## Task item
What is needed is an exact copy of the records below, without the pictures.

===== Source material

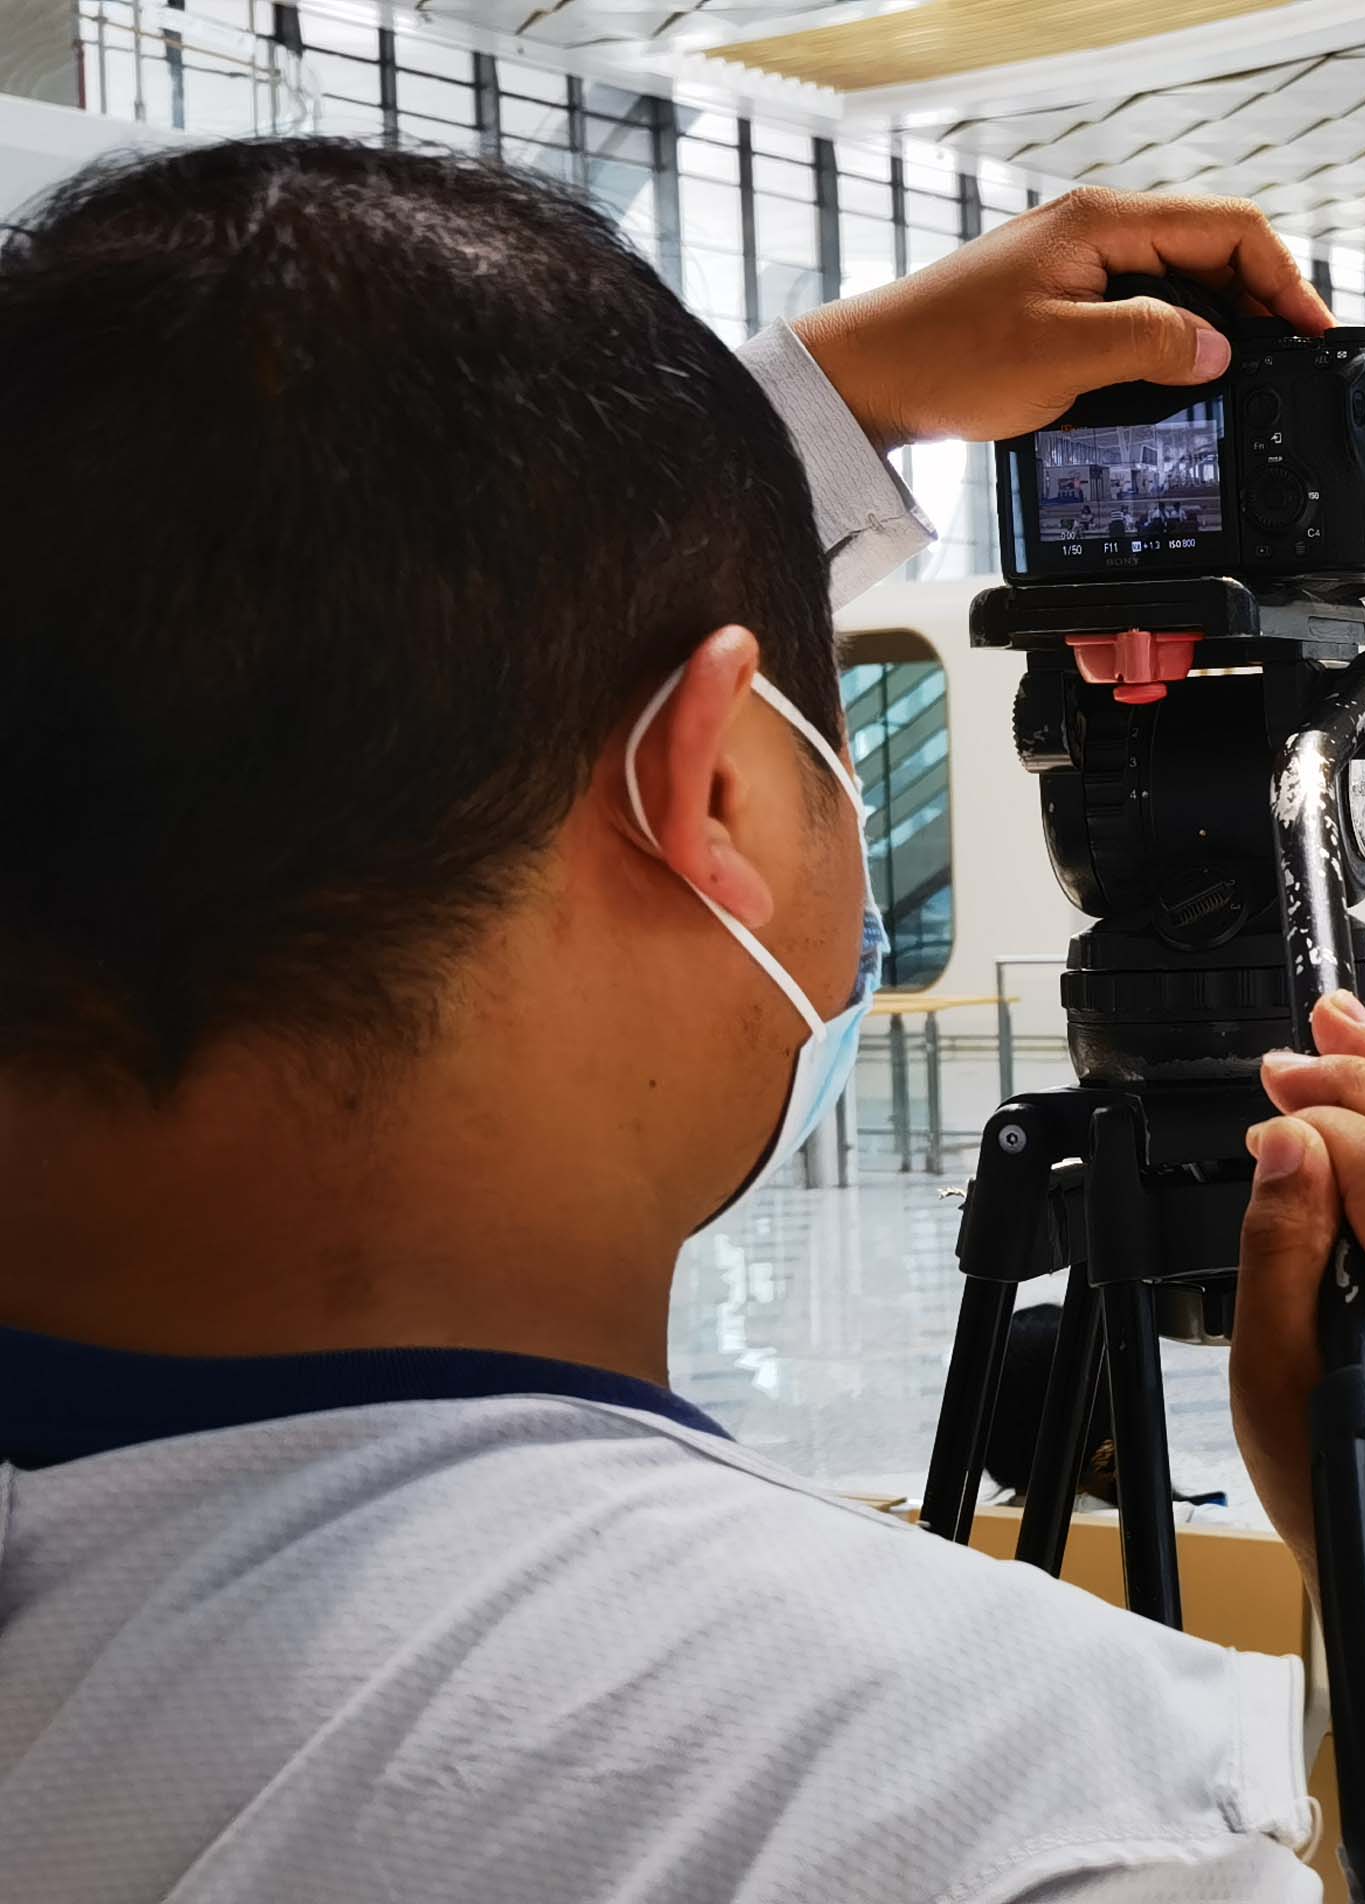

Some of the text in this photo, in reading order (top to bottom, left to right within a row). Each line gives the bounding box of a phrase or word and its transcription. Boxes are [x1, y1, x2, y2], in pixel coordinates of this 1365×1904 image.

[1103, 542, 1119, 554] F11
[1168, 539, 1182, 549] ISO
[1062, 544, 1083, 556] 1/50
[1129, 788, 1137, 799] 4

==========

## Result
Some of the text in this photo, in reading order (top to bottom, left to right within a row). Each line gives the bounding box of a phrase or word and its transcription. Boxes are [x1, y1, x2, y2], in pixel coordinates of this 1365×1904 image.

[1103, 542, 1119, 554] F11
[1168, 539, 1182, 549] ISO
[1062, 544, 1083, 556] 1/50
[1129, 788, 1137, 799] 4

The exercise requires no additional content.